**AIM OF THE TASK:**
Pictures are not part of the copy; retype all the records below exactly.

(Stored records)
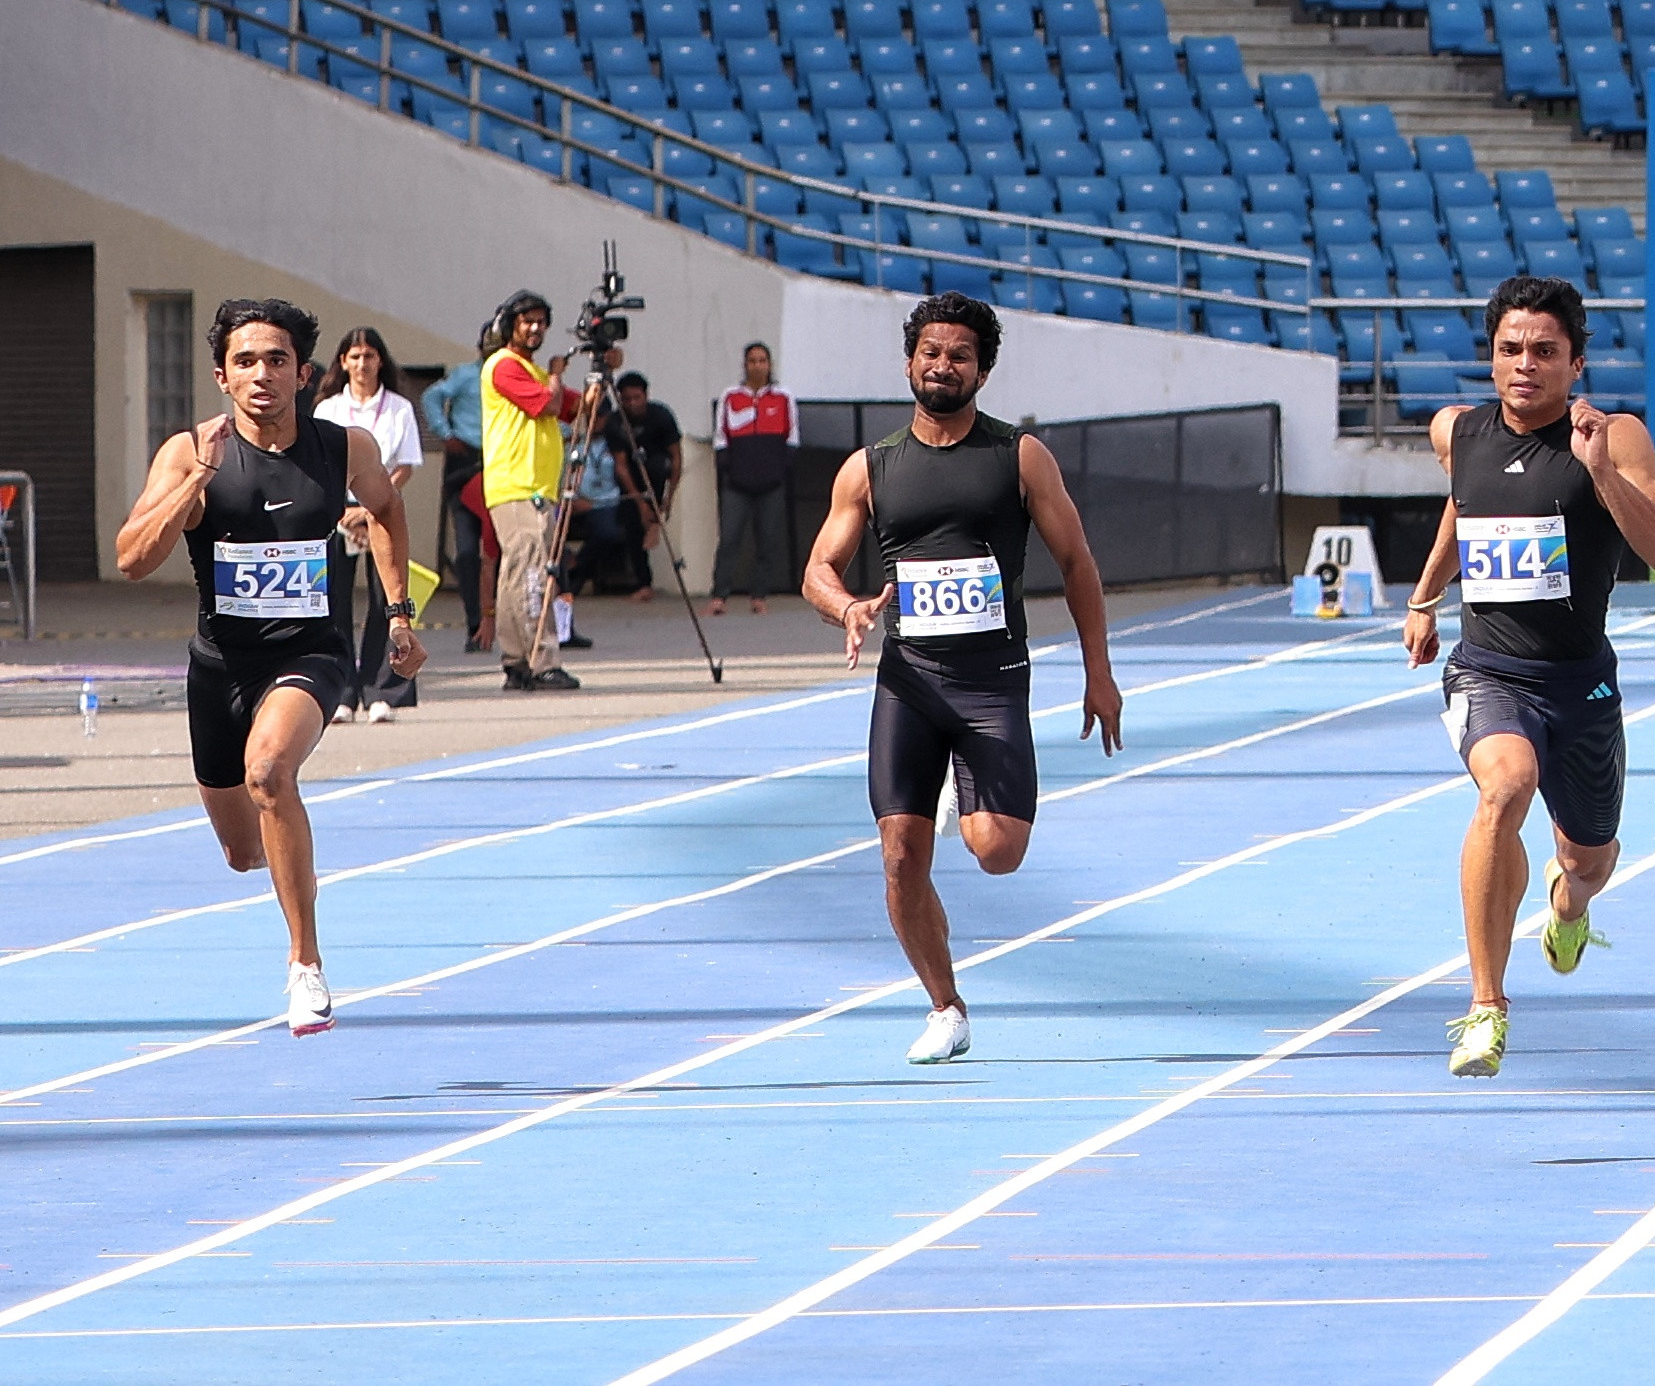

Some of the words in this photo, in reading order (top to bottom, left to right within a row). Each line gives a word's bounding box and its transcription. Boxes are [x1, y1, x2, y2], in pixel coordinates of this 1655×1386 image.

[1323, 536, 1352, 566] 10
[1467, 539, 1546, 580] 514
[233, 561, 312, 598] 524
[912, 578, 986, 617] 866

**EXERCISE RESULT:**
Some of the words in this photo, in reading order (top to bottom, left to right within a row). Each line gives a word's bounding box and its transcription. Boxes are [x1, y1, x2, y2], in pixel coordinates of this 1655×1386 image.

[1323, 536, 1352, 566] 10
[1467, 539, 1546, 580] 514
[233, 561, 312, 598] 524
[912, 578, 986, 617] 866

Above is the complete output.